• [WORK TASK]: Produce a word-for-word copy of the data that follows, excluding images.

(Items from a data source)
—————

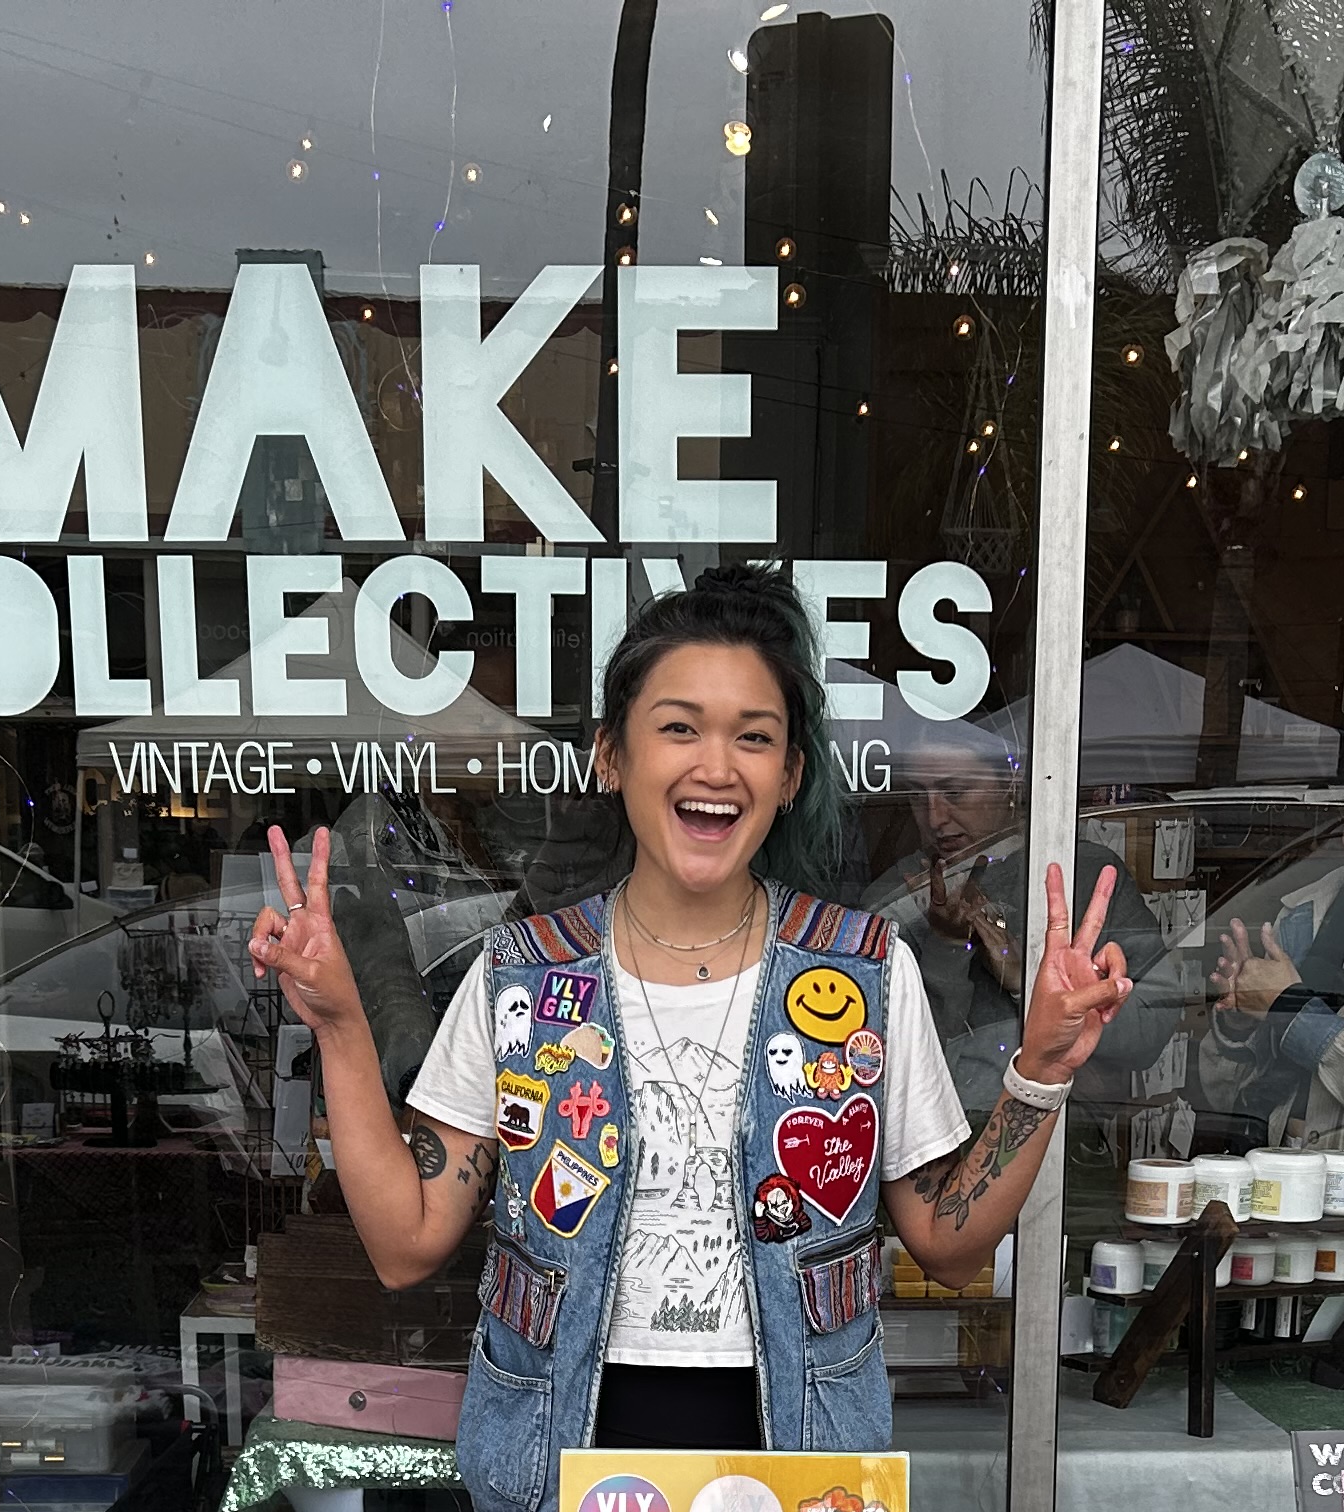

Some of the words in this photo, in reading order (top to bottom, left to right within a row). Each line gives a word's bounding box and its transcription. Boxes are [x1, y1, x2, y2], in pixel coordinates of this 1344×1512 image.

[109, 740, 296, 795] VINTAGE
[322, 740, 457, 795] VINYL
[551, 976, 593, 1001] VLY
[544, 1000, 583, 1022] GRL
[501, 1081, 544, 1103] CALIFORNIA
[786, 1116, 824, 1129] FOREVER
[824, 1137, 852, 1156] The
[557, 1151, 600, 1186] PHILIPPINES
[810, 1155, 864, 1189] Valley
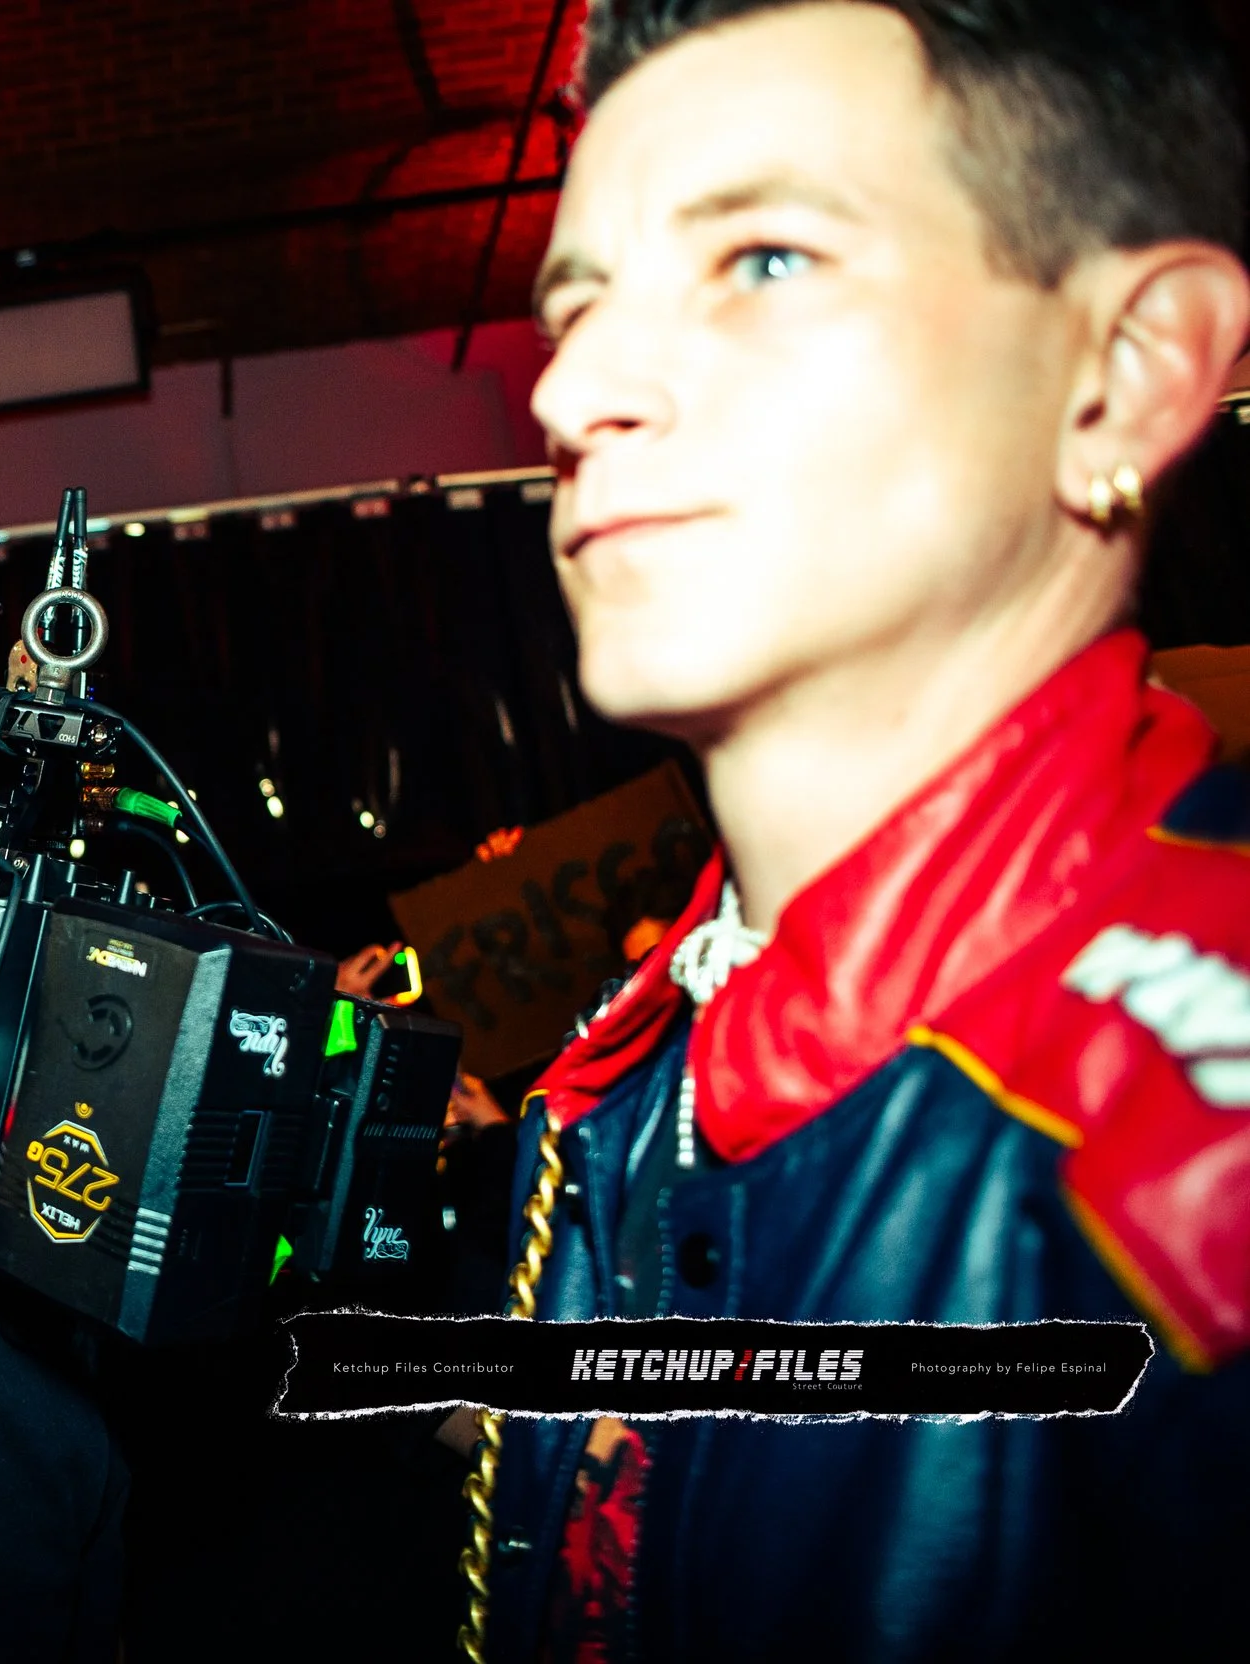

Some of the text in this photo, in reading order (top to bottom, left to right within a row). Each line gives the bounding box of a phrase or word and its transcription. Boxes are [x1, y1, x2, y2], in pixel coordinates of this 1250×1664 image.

[58, 733, 76, 744] CCH-5
[63, 1134, 90, 1153] MAX
[40, 1202, 82, 1231] HELIX
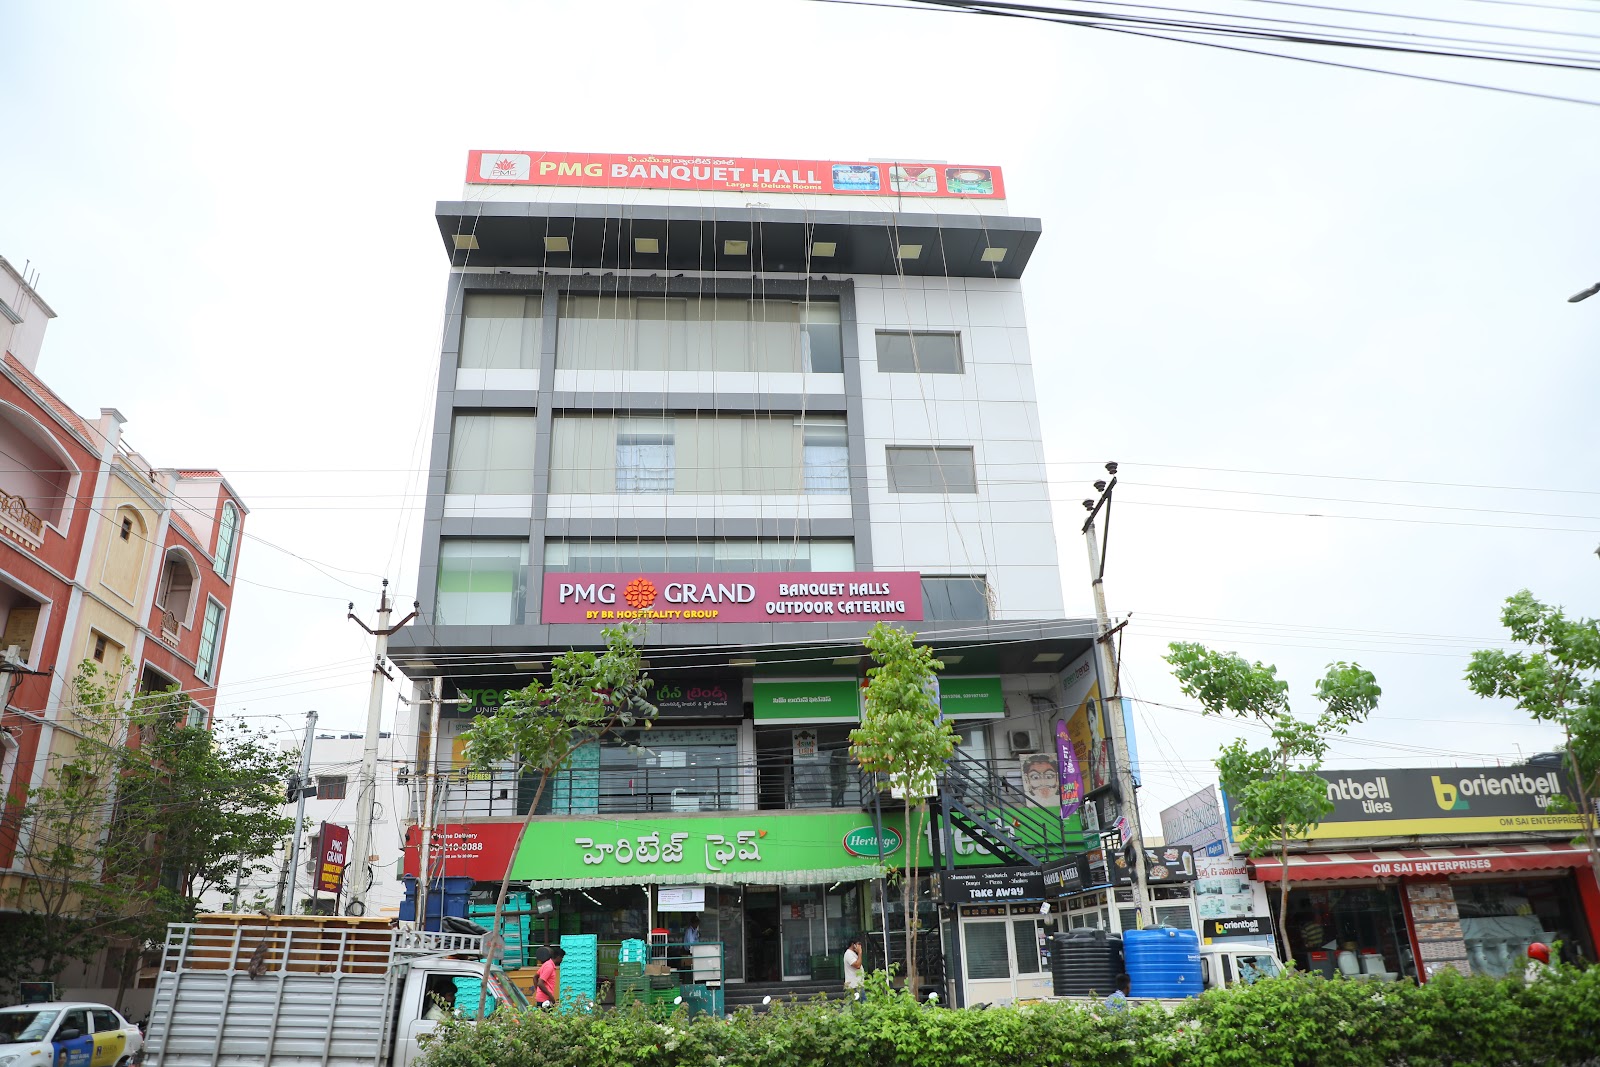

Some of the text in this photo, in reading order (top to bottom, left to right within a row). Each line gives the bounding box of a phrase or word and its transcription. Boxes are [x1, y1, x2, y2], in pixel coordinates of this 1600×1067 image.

[539, 161, 822, 184] PMG BANQUET HALL
[559, 582, 756, 604] PMG GRAND
[779, 582, 890, 597] BANQUET HALLS
[586, 610, 719, 619] BY BR HOSPITALITY GROUP
[765, 600, 905, 615] OUTDOOR CATERING
[657, 685, 682, 700] గ్రీన్
[1326, 777, 1390, 801] ntbell
[1459, 772, 1561, 796] orientbell
[1361, 800, 1393, 814] tiles
[1534, 795, 1560, 808] tile
[1500, 816, 1587, 826] OM SAI ENTERPRISES
[331, 839, 343, 852] PMG
[417, 842, 483, 852] 10-210-0088
[850, 835, 896, 848] Heritge
[326, 851, 344, 864] GRAND
[575, 831, 762, 871] హెరిటేజ్ ఫ్రెష్
[1211, 867, 1218, 875] &
[1372, 859, 1491, 873] OM SAI ENTERPRISES
[1224, 920, 1259, 929] orientbell

—————

• [EXPECTED ANSWER]:
Some of the words in this photo, in reading order (top to bottom, left to right within a row). Each line gives a word's bounding box and its transcription. Boxes are [x1, y1, x2, y2], in pixel coordinates of this 1344×1512 image.

[109, 740, 296, 795] VINTAGE
[322, 740, 457, 795] VINYL
[551, 976, 593, 1001] VLY
[544, 1000, 583, 1022] GRL
[501, 1081, 544, 1103] CALIFORNIA
[786, 1116, 824, 1129] FOREVER
[824, 1137, 852, 1156] The
[557, 1151, 600, 1186] PHILIPPINES
[810, 1155, 864, 1189] Valley

Some of the text in this photo, in reading order (top to bottom, left to right within a row). Each line gives the bounding box of a phrase or word and its transcription. Boxes are [x1, y1, x2, y2], in pixel coordinates of this 1250×1664 image.

[58, 733, 76, 744] CCH-5
[63, 1134, 90, 1153] MAX
[40, 1202, 82, 1231] HELIX

Some of the text in this photo, in reading order (top to bottom, left to right within a row). Each line gives the bounding box of a phrase or word and its transcription. Boxes are [x1, y1, x2, y2], in pixel coordinates of this 1600×1067 image.

[539, 161, 822, 184] PMG BANQUET HALL
[559, 582, 756, 604] PMG GRAND
[779, 582, 890, 597] BANQUET HALLS
[586, 610, 719, 619] BY BR HOSPITALITY GROUP
[765, 600, 905, 615] OUTDOOR CATERING
[657, 685, 682, 700] గ్రీన్
[1326, 777, 1390, 801] ntbell
[1459, 772, 1561, 796] orientbell
[1361, 800, 1393, 814] tiles
[1534, 795, 1560, 808] tile
[1500, 816, 1587, 826] OM SAI ENTERPRISES
[331, 839, 343, 852] PMG
[417, 842, 483, 852] 10-210-0088
[850, 835, 896, 848] Heritge
[326, 851, 344, 864] GRAND
[575, 831, 762, 871] హెరిటేజ్ ఫ్రెష్
[1211, 867, 1218, 875] &
[1372, 859, 1491, 873] OM SAI ENTERPRISES
[1224, 920, 1259, 929] orientbell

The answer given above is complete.